The curse of growing old is watching everything you grew up with grow old and ironic, then finally turn into kitsch. So walking by the window of Dolphin (1901 Baltimore) and seeing sock monkeys in cheerleader outfits and bondage wear, you could be forgiven for thinking it’s just another case of rehashed Americana. Gallery dealer Ron Warren has made a passion out of collecting sock monkeys (he now owns more than 1,800), and photographer Arne Svenson’s Sock Monkeys show documents Warren’s collection, her work functioning as commentary on both American iconography and the mania of collectors. The photos are starkly shot in black-and-white, head-and-shoulders photos that are creepy, cute and compulsive — as compulsive as the urge to collect.

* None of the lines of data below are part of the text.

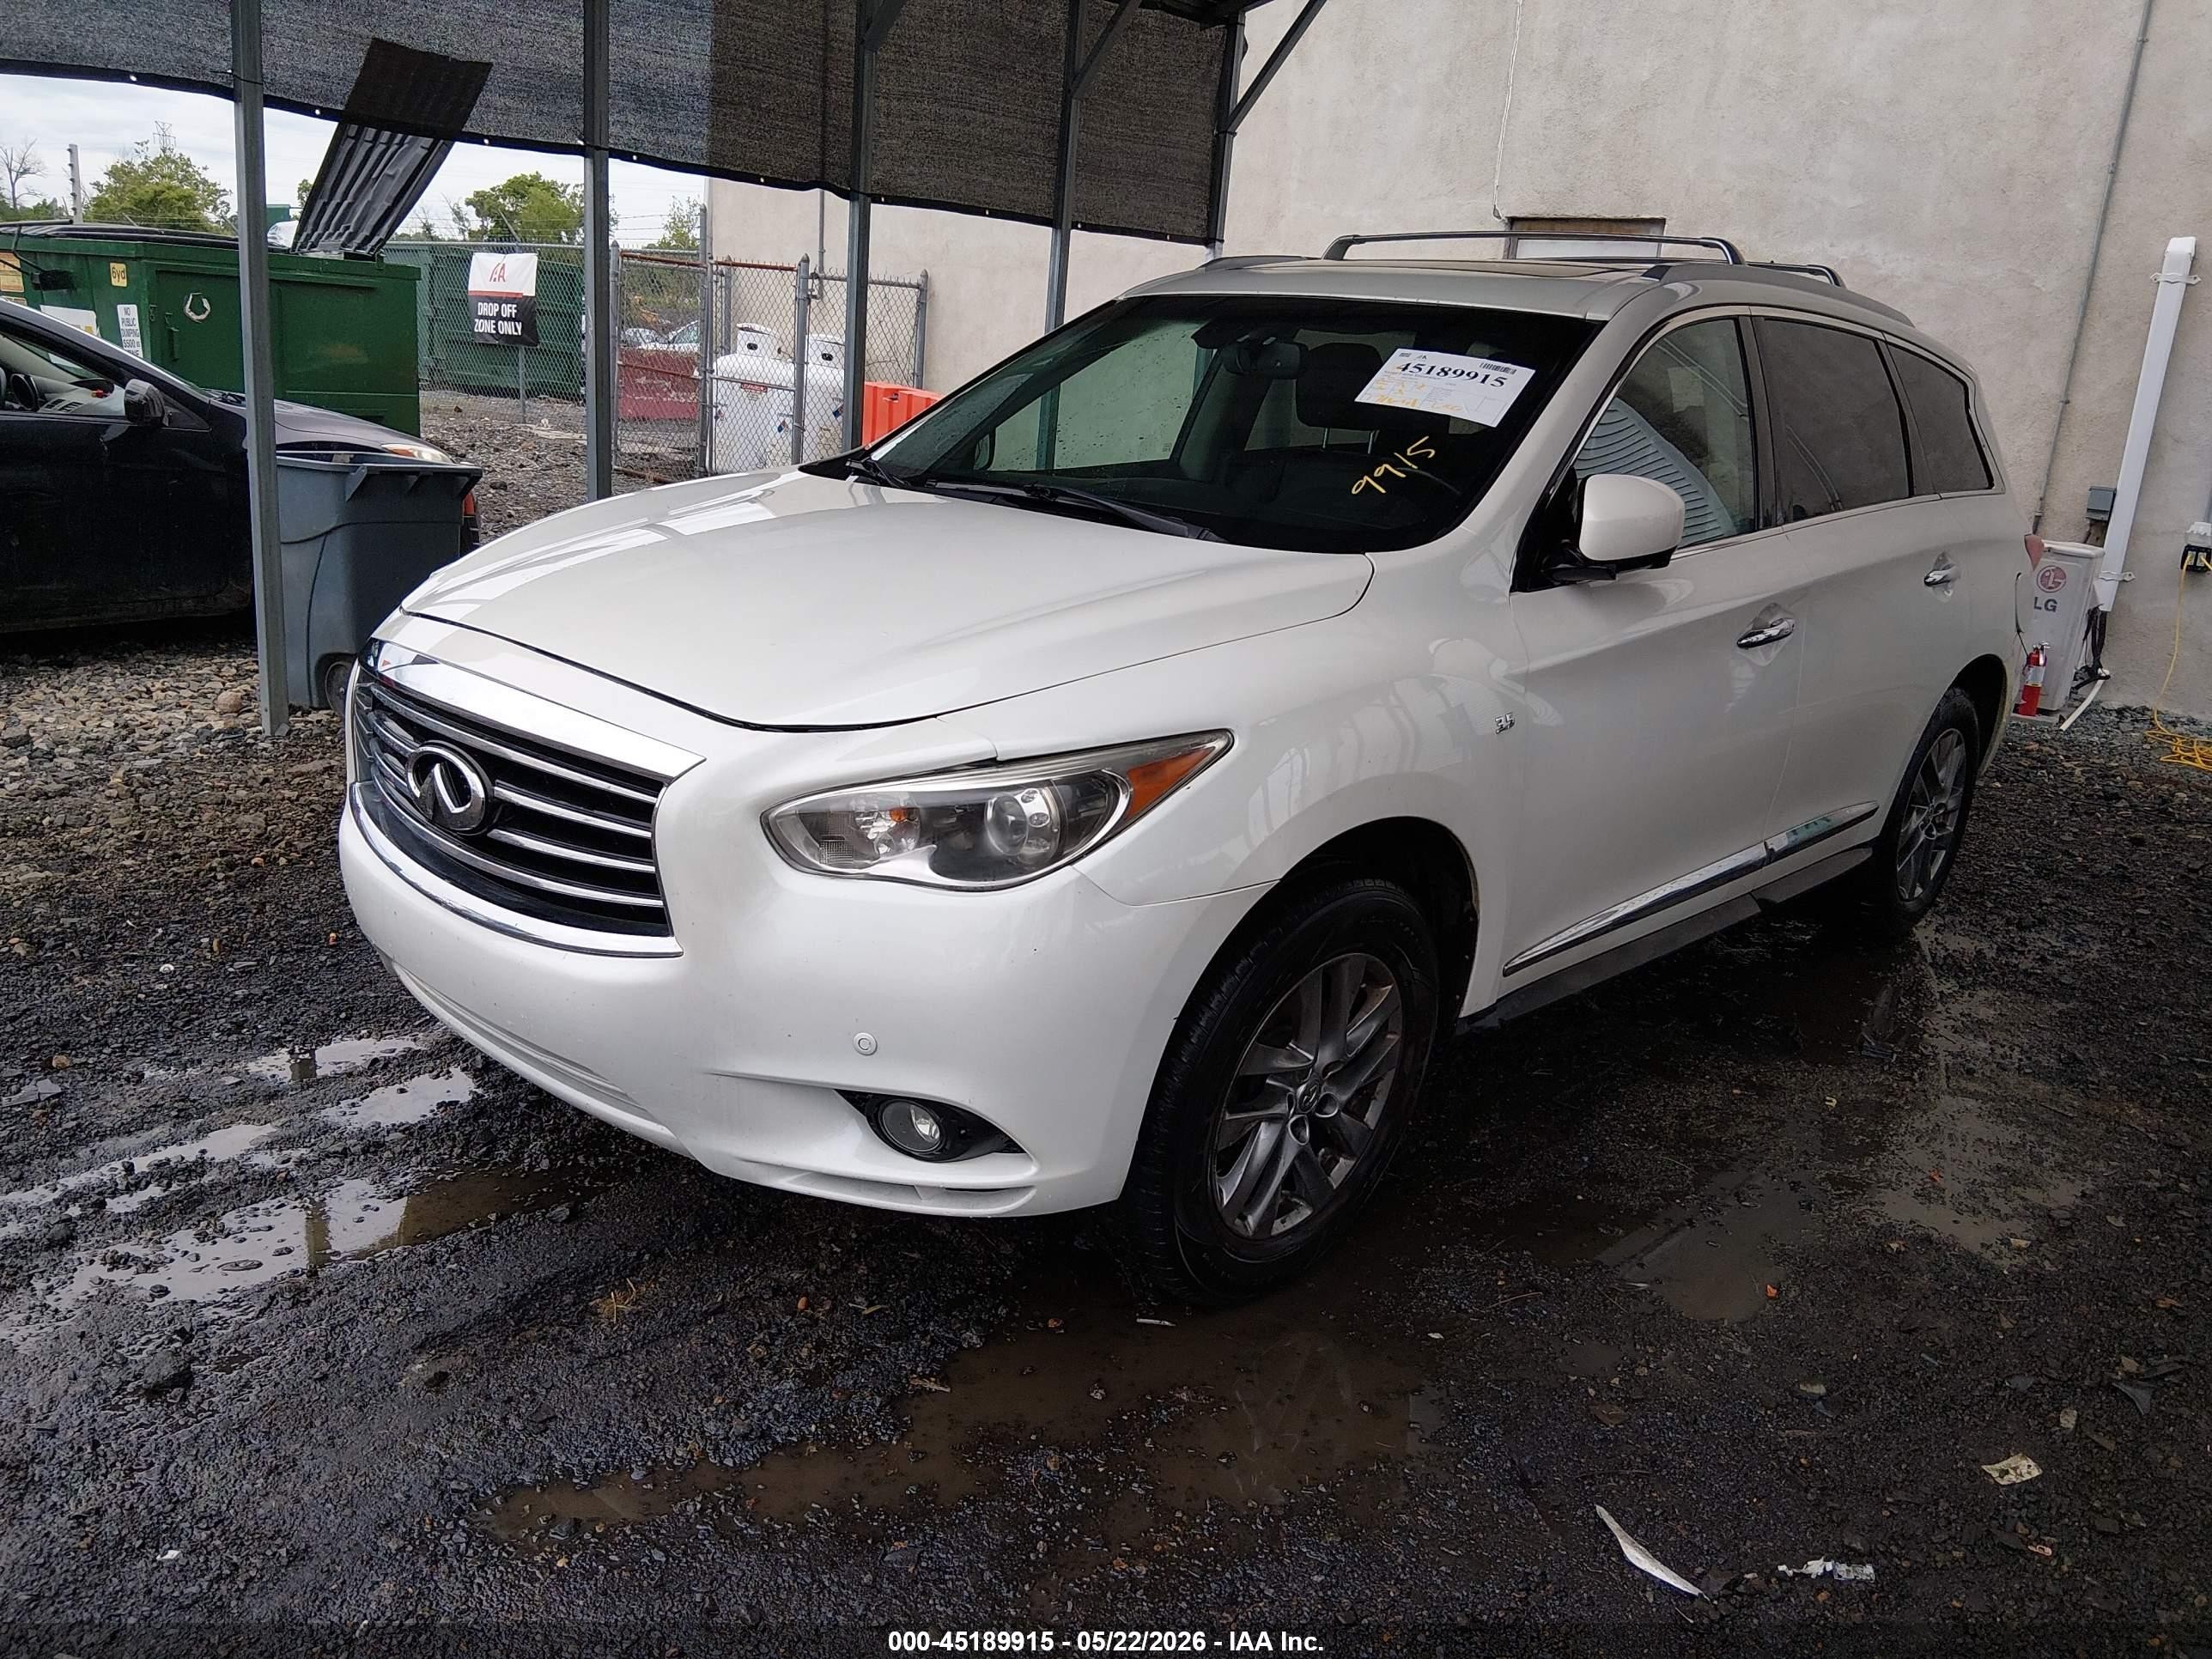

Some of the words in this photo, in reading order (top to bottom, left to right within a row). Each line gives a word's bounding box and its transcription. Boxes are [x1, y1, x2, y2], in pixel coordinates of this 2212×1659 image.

[112, 267, 125, 282] 6yd
[124, 307, 131, 316] NO
[477, 302, 499, 317] DROP
[501, 304, 517, 318] OFF
[121, 318, 137, 327] PUBLIC
[474, 319, 496, 333] ZONE
[498, 320, 522, 336] ONLY
[121, 329, 139, 337] DUMPING
[1396, 362, 1508, 387] 45189915
[1352, 435, 1436, 495] 9915
[2033, 596, 2058, 612] LG

Created by Kaitlin O’Brien, Kim Lindaberry and Kelly Younger, the sock monkeys suspended in the Dolphin’s window are fewer in number and far more cuddly than the pictures inside. Constructed from red-heeled work socks, they sit snugly beside toilet-paper cozies and crocheted signs that read “Bless This Mess.” These artists’ interest was not in simply documenting the ubiquitous sock monkey but in warping its image, letting the monkeys’ pendulous breasts swing shamelessly or dressing them in All Pro football jerseys.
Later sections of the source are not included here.